▶ [Data for processing]:

---

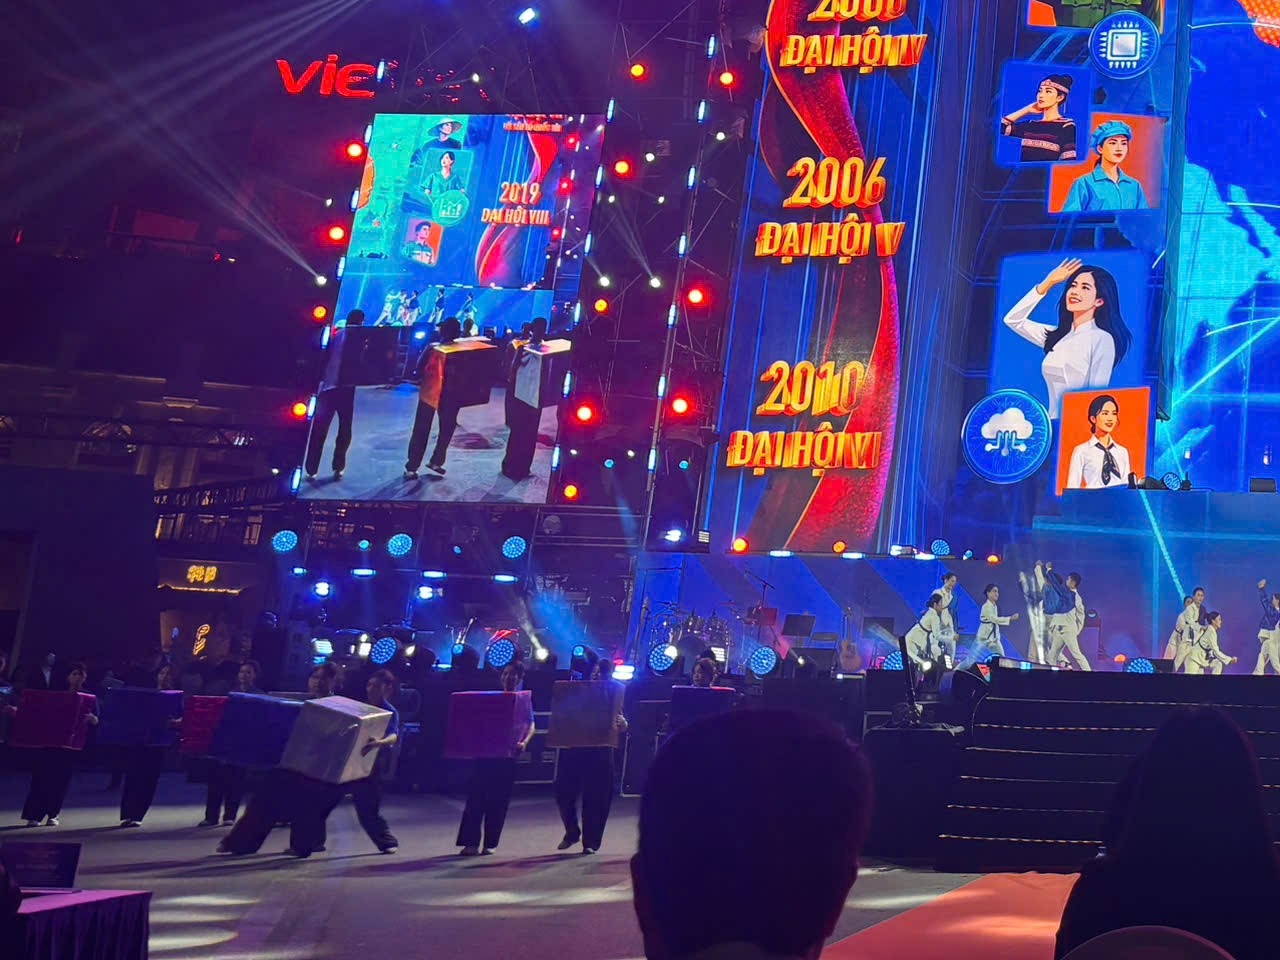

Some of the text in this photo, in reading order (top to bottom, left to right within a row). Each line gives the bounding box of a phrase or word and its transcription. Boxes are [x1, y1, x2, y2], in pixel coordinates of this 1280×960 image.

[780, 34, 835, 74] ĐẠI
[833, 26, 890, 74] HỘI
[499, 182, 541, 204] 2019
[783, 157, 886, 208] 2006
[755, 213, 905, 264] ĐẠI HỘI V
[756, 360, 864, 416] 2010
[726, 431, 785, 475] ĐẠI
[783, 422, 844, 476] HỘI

---

▶ [Assigned task]:
Each entry shown above must be quoted exactly, with its pictures left out.

▶ [Result of the task]:
Some of the text in this photo, in reading order (top to bottom, left to right within a row). Each line gives the bounding box of a phrase or word and its transcription. Boxes are [x1, y1, x2, y2], in pixel coordinates of this 1280×960 image.

[780, 34, 835, 74] ĐẠI
[833, 26, 890, 74] HỘI
[499, 182, 541, 204] 2019
[783, 157, 886, 208] 2006
[755, 213, 905, 264] ĐẠI HỘI V
[756, 360, 864, 416] 2010
[726, 431, 785, 475] ĐẠI
[783, 422, 844, 476] HỘI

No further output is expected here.